Um comentara que era bonita demais para ficar fazendo cosplay de personagem masculino. Mas o que podia fazer, se desde criança escolhia o Alucard no Castlevania 3?
Voltou ao seu castelo do Drácula: a Deep Web; que podia ser tanto o labirinto do Minotauro – havia quem dissesse que este ficava na Atlântida, que por sua vez seria uma ilha perto de Creta que submergira, vítima de um vulcão – quanto uma fortaleza sombria cheia de vampiros.
Ainda criança, tinha um verdadeiro fascínio por vampiros, pois eram seres que transcendiam a morte. Via a si mesma na Claudia de Entrevista com o Vampiro. Não se conformara e chorara por dias com o fim da menina sugadora de sangue, incinerada pelo sol nascente. Não era justo que um vampiro acabasse daquele jeito. Era injusto que não pudesse crescer.

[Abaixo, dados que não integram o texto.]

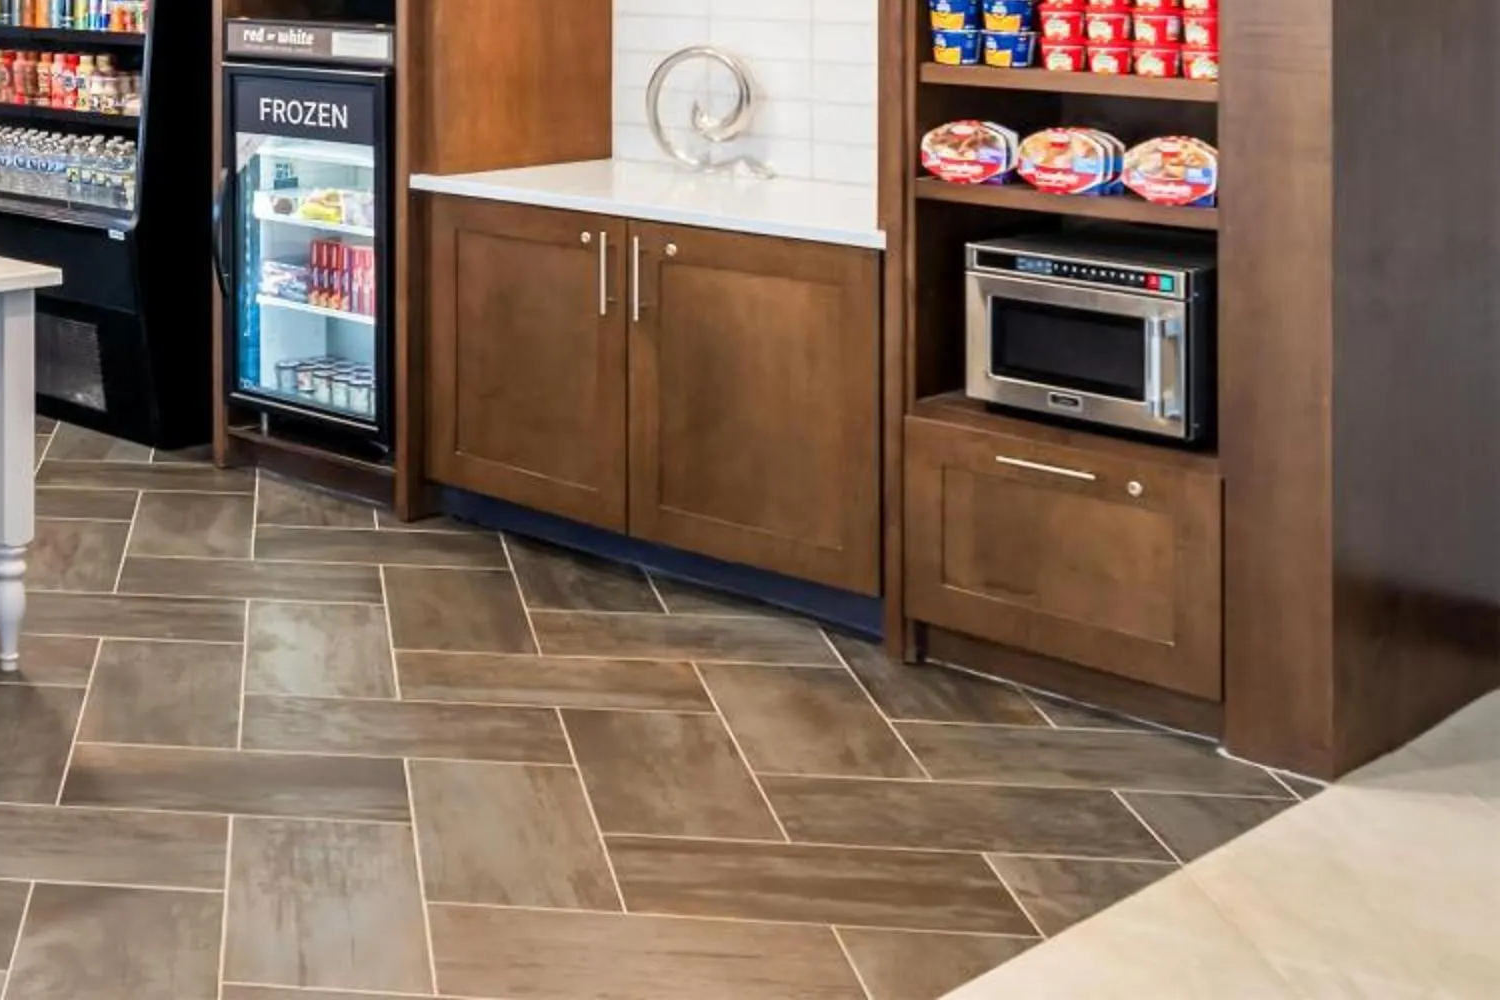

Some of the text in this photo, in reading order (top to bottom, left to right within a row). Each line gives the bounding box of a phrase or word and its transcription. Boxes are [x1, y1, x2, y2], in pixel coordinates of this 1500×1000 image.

[243, 28, 264, 44] red
[277, 29, 315, 46] white
[259, 97, 349, 129] FROZEN

Por esse lado, Peter Pan também tinha um pouco de vampiro, já que trancafiava um bando de crianças em uma ilha onde ninguém morria, a não ser se mortos por um pirata que talvez fosse a própria morte ou a representação da idade adulta, que se julgava livre, porém lhe faltava uma mão. As obrigações e responsabilidades, os impostos e o trabalho rotineiro eram o crocodilo à espreita para devorar, suprimido sob as águas o potencial da mão perdida, transformada em gancho para ceifar o melhor dos resquícios da infância: a criatividade.
Era adulta, mas não queria ser, até porque, quando alguém terminava de crescer, passava a encolher. Envelhecia e depois morria. Era o ciclo natural das coisas, mas que em sua extremidade revelava a verdade que consistia no desespero de não se poder nunca alcançar o máximo desejado: a natureza do vampiro, que para se manter imortal, no entanto, necessitava sempre das vidas alheias. Uma vida isolada de tudo e de todos não valia de nada e não tinha como durar.
Parecia a sua condição no momento. Mas tinha do que sugar.
Frequentava sites que abrigavam centenas de áudios legendados em que estavam registradas as últimas palavras de condenados à morte. Arrepiava-se ao escutar seus arrependimentos, seus delírios, desesperos e suas derradeiras palavras sobre o quanto temiam o Inferno, ou então o nada, o esquecimento, o vazio. Havia um que reunia todas as sentenças de morte da história, incluindo nome, crime, data da sentença, último jantar e últimas palavras. Em alguns casos, havia até vídeos.
Não que se deleitasse com aquilo. Pelo contrário, muitas vezes se sentia ansiosa ou ficava emocionada. Mas eram emoções como aquelas, que não experimentava longe dali, que a faziam sentir viva, com um coração que pulsava, como uma pessoa digna de preservar a própria existência, de seguir adiante.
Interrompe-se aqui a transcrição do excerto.